### DATA FOR ANALYSIS
######

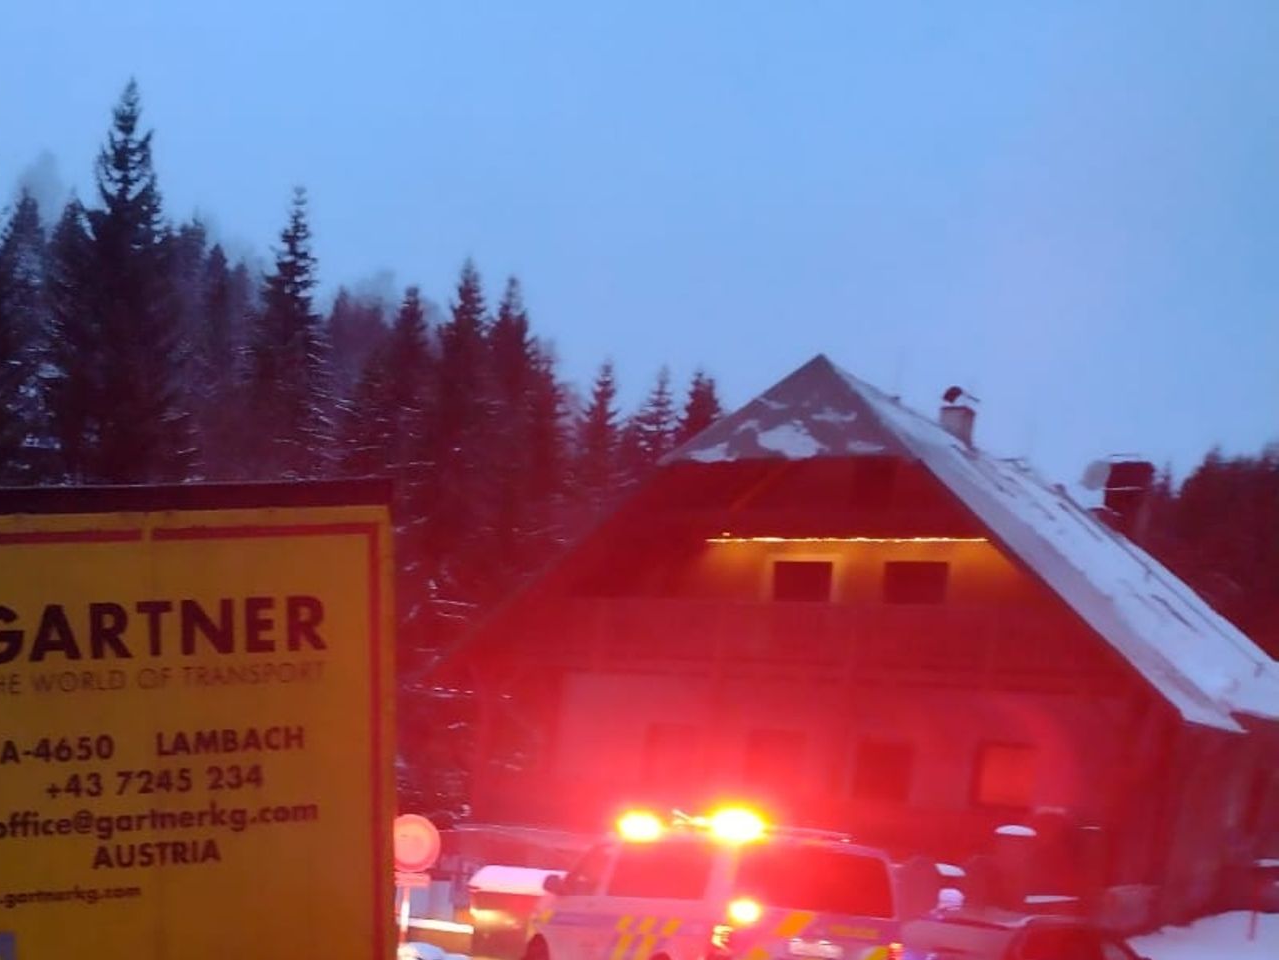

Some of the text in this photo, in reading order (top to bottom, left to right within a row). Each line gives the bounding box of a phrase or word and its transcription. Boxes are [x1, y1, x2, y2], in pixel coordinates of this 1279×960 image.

[33, 669, 126, 694] WORLD
[137, 667, 172, 690] OF
[182, 660, 327, 686] TRANSPORT
[0, 726, 304, 765] A-4650 LAMBACH
[46, 763, 264, 799] +43 7245 234
[92, 838, 221, 870] AUSTRIA
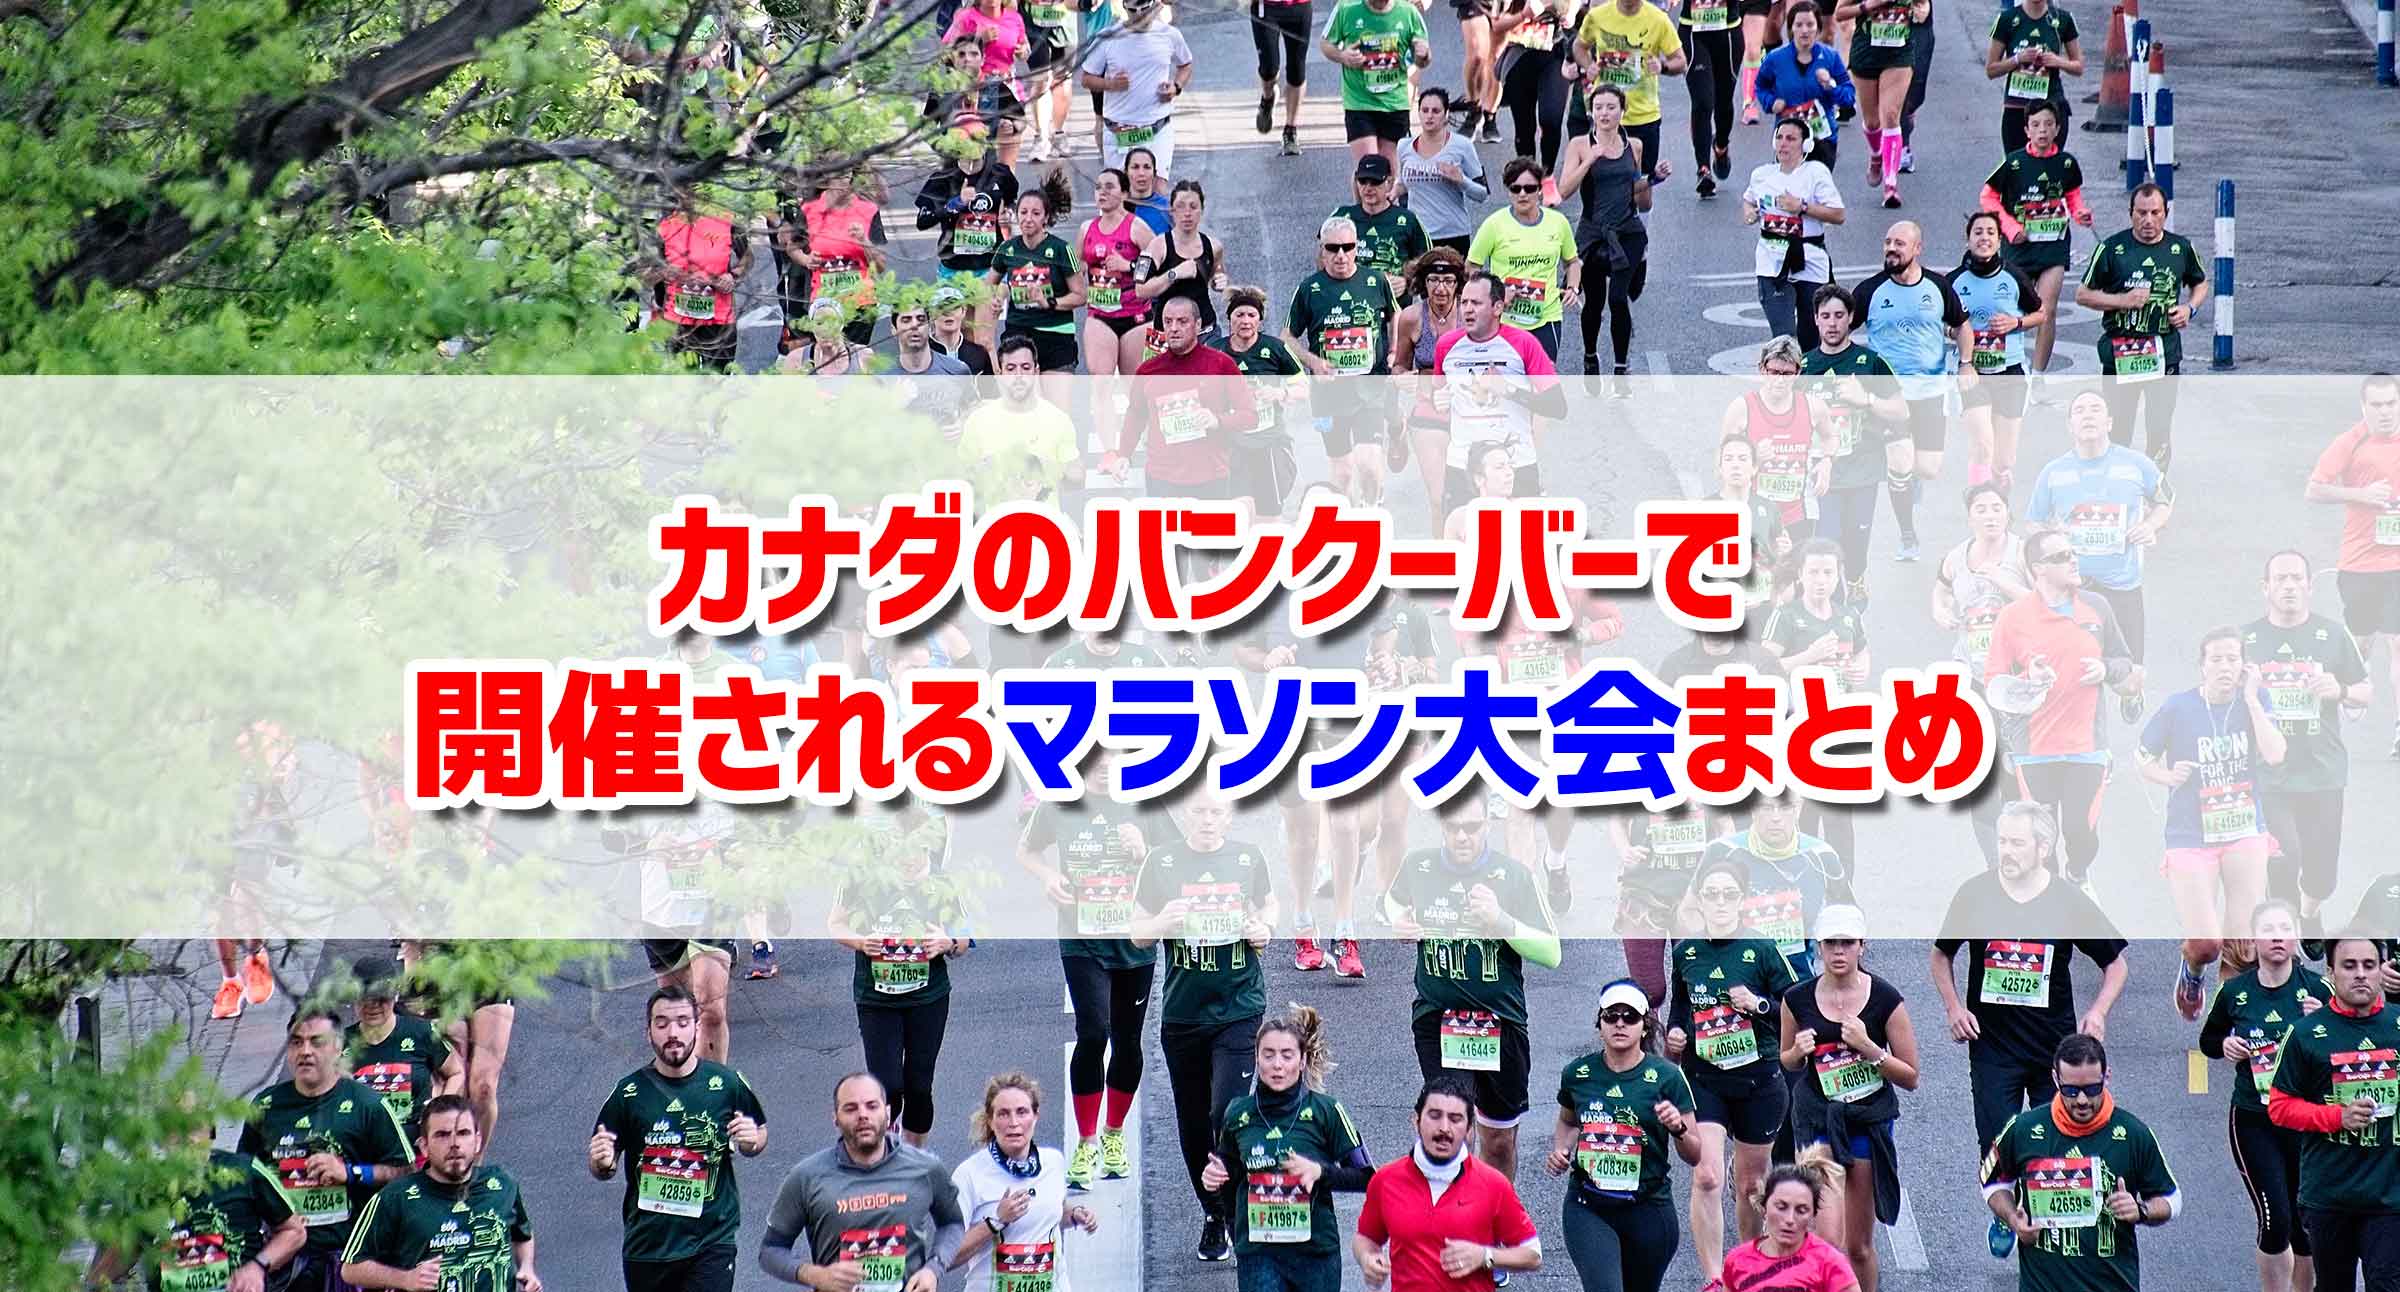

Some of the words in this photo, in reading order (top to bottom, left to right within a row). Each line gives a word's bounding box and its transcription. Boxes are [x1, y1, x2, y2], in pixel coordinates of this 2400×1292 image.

[1340, 355, 1362, 367] 40802
[2200, 763, 2227, 782] FOR
[2229, 758, 2248, 777] THE
[1067, 844, 1102, 854] MADRID
[1423, 910, 1459, 921] MADRID
[2001, 976, 2032, 993] 42572
[1460, 1042, 1488, 1058] 41644
[645, 1134, 682, 1145] MADRID
[660, 1184, 692, 1202] 42859
[303, 1196, 334, 1211] 42384
[2049, 1197, 2082, 1213] 42659
[429, 1235, 470, 1249] MADRID
[185, 1276, 217, 1291] 40821
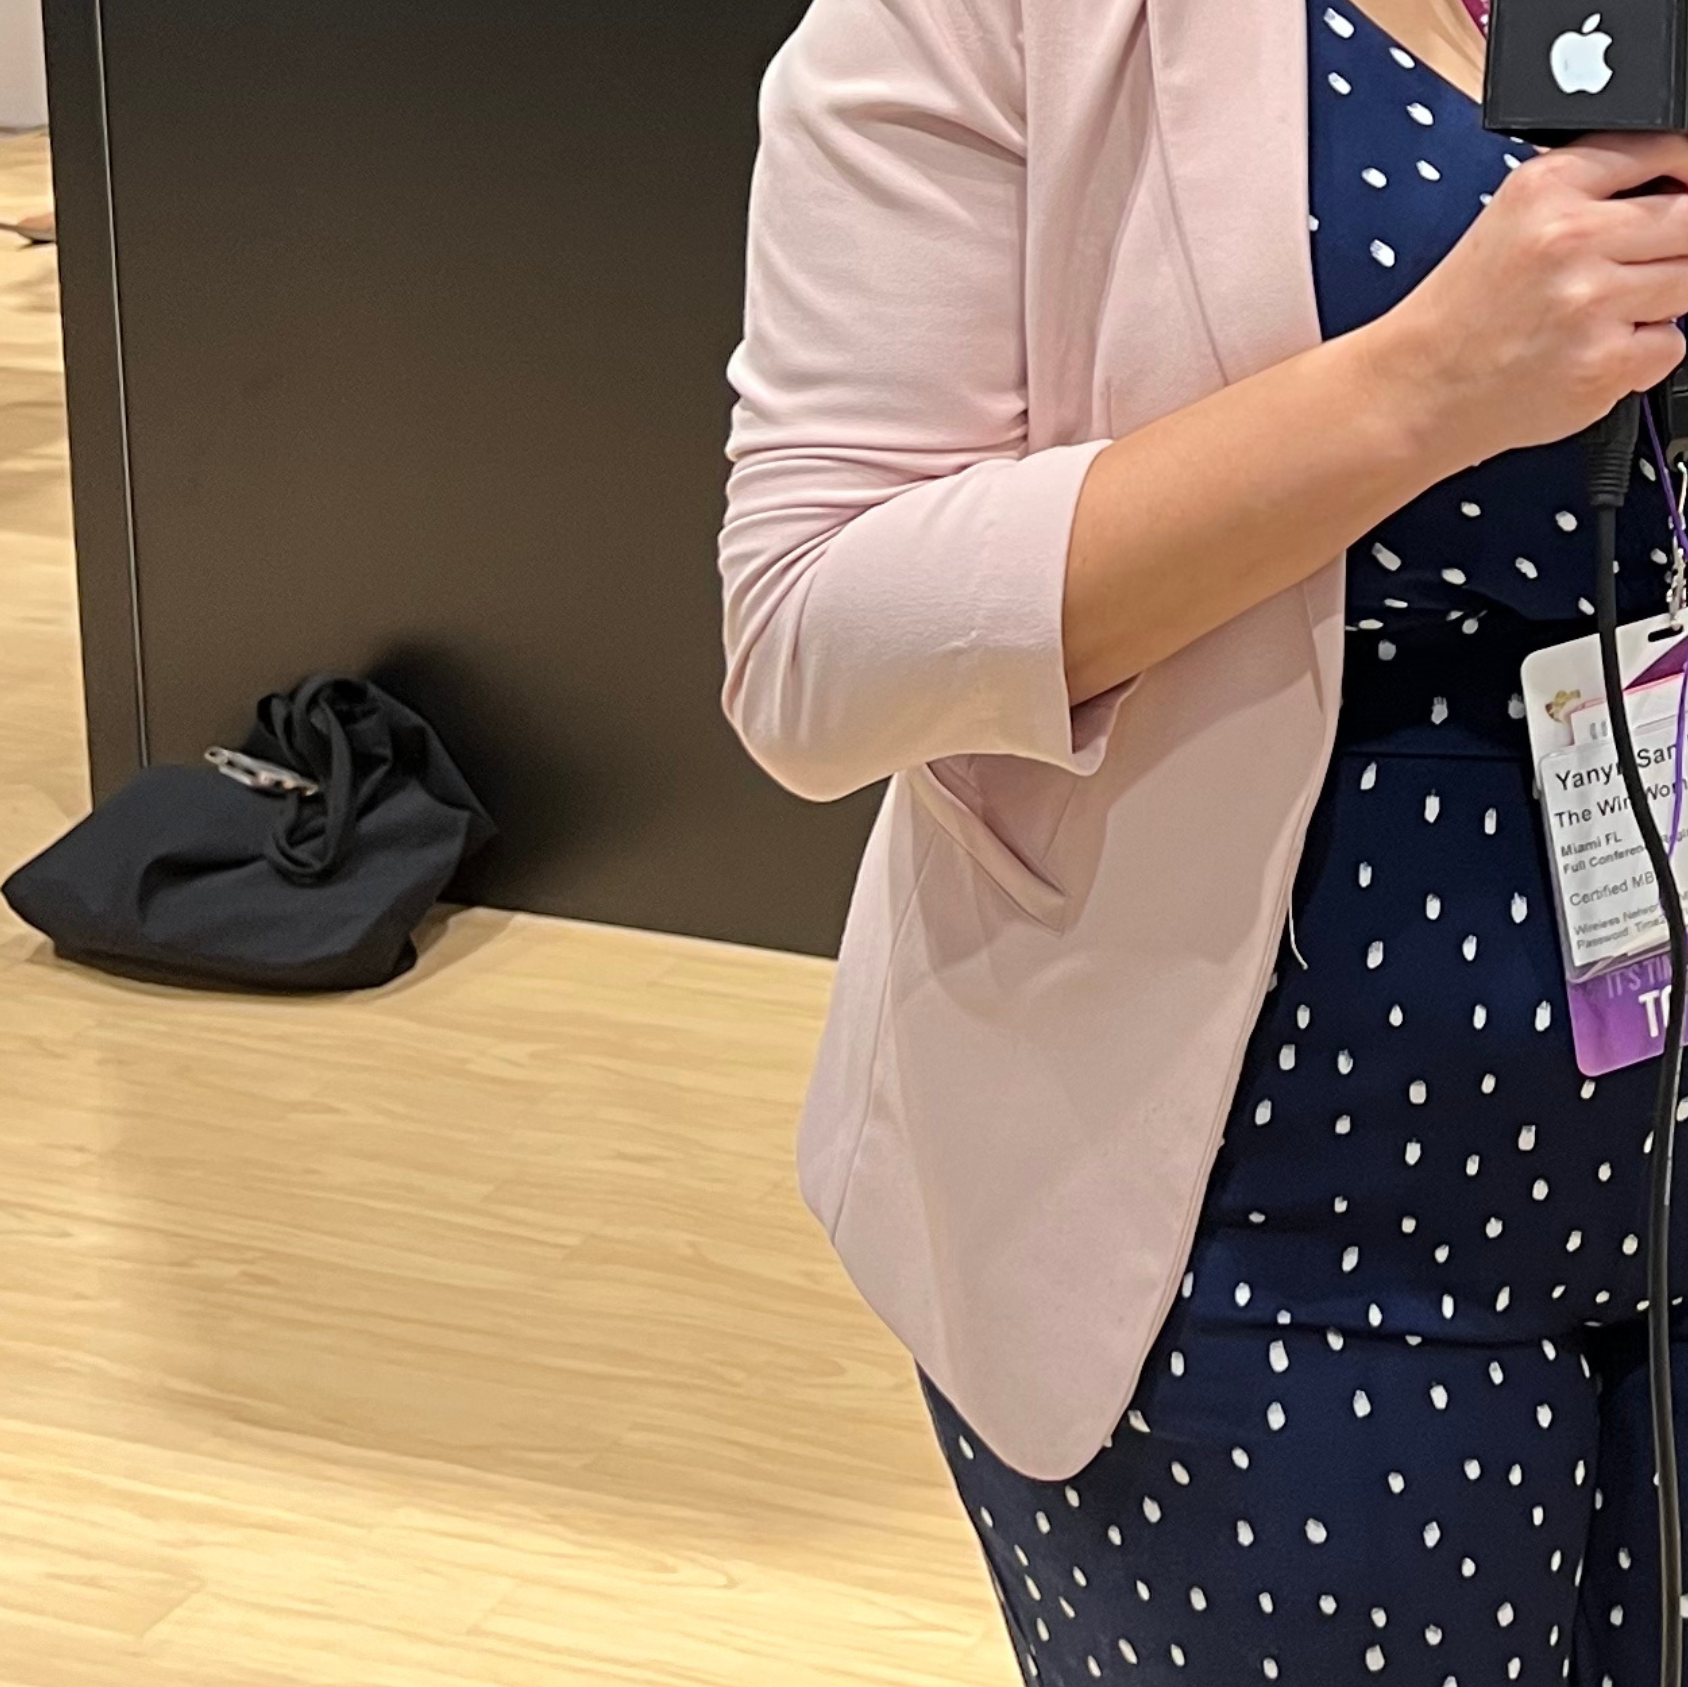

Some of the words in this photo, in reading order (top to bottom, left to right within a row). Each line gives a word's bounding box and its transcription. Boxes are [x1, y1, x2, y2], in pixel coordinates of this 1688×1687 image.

[1554, 808, 1592, 829] The
[1560, 837, 1602, 857] Miami
[1604, 830, 1623, 845] FL
[1563, 859, 1587, 875] Full

######

### TASK GOAL
Strip the images and reproduce the remaining records precisely.

### REPLY
Some of the text in this photo, in reading order (top to bottom, left to right within a row). Each line gives the bounding box of a phrase or word and its transcription. Boxes are [x1, y1, x2, y2], in pixel coordinates of this 1279×960 image.

[33, 669, 126, 694] WORLD
[137, 667, 172, 690] OF
[182, 660, 327, 686] TRANSPORT
[0, 726, 304, 765] A-4650 LAMBACH
[46, 763, 264, 799] +43 7245 234
[92, 838, 221, 870] AUSTRIA

Some of the words in this photo, in reading order (top to bottom, left to right within a row). Each line gives a word's bounding box and its transcription. Boxes are [x1, y1, x2, y2], in pixel coordinates of this 2400×1292 image.

[1340, 355, 1362, 367] 40802
[2200, 763, 2227, 782] FOR
[2229, 758, 2248, 777] THE
[1067, 844, 1102, 854] MADRID
[1423, 910, 1459, 921] MADRID
[2001, 976, 2032, 993] 42572
[1460, 1042, 1488, 1058] 41644
[645, 1134, 682, 1145] MADRID
[660, 1184, 692, 1202] 42859
[303, 1196, 334, 1211] 42384
[2049, 1197, 2082, 1213] 42659
[429, 1235, 470, 1249] MADRID
[185, 1276, 217, 1291] 40821

Some of the words in this photo, in reading order (top to bottom, left to right within a row). Each line gives a word's bounding box and its transcription. Boxes are [x1, y1, x2, y2], in pixel coordinates of this 1688×1687 image.

[1554, 808, 1592, 829] The
[1560, 837, 1602, 857] Miami
[1604, 830, 1623, 845] FL
[1563, 859, 1587, 875] Full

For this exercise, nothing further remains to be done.